__WHAT THIS TASK INVOLVES__:
The reply should match the listing below character for character, except that no image is carried over.

__RECORDS__:
———

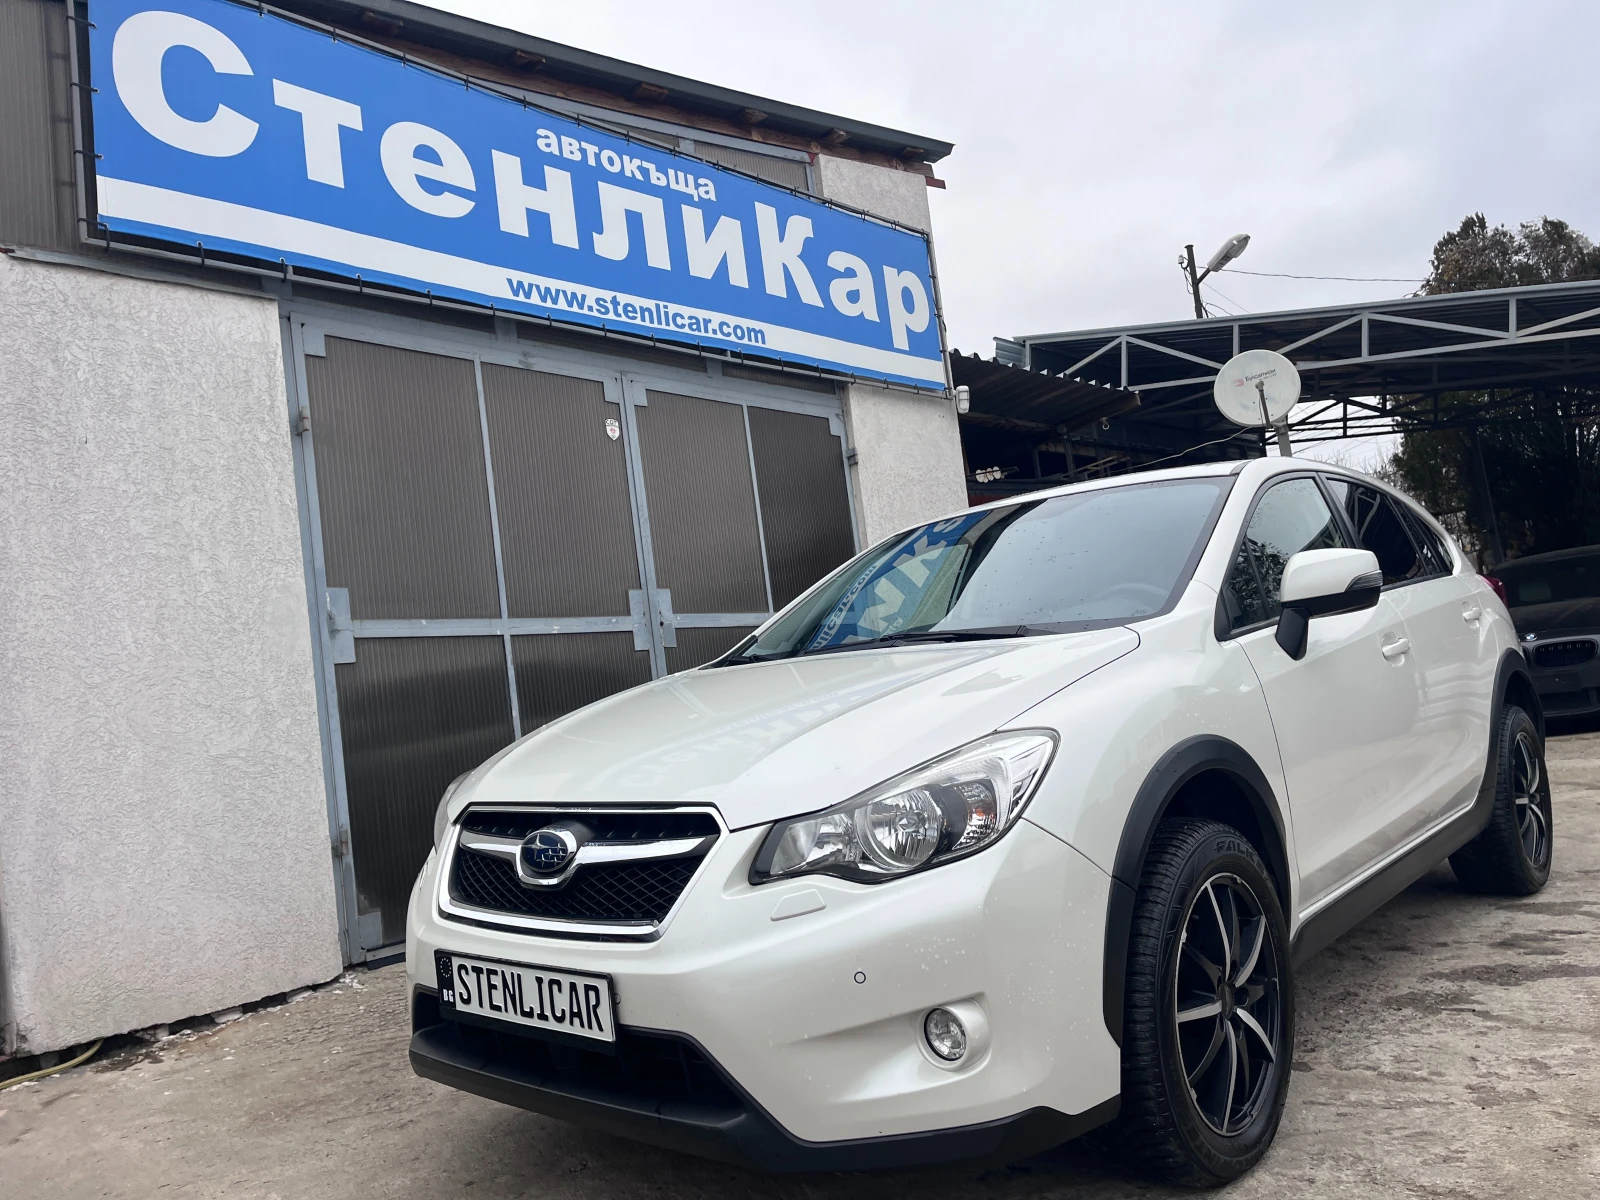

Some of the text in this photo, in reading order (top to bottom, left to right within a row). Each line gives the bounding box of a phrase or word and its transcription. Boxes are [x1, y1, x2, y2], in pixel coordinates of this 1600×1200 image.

[112, 10, 930, 351] СтенлиКар
[536, 128, 717, 202] автокъща
[506, 278, 766, 345] www.stenlicar.com
[442, 988, 454, 1002] BG
[457, 963, 604, 1032] STENLICAR

———

__SOLUTION TO THIS PROBLEM__:
Some of the text in this photo, in reading order (top to bottom, left to right within a row). Each line gives the bounding box of a phrase or word and its transcription. Boxes are [x1, y1, x2, y2], in pixel coordinates of this 1600×1200 image.

[112, 10, 930, 351] СтенлиКар
[536, 128, 717, 202] автокъща
[506, 278, 766, 345] www.stenlicar.com
[442, 988, 454, 1002] BG
[457, 963, 604, 1032] STENLICAR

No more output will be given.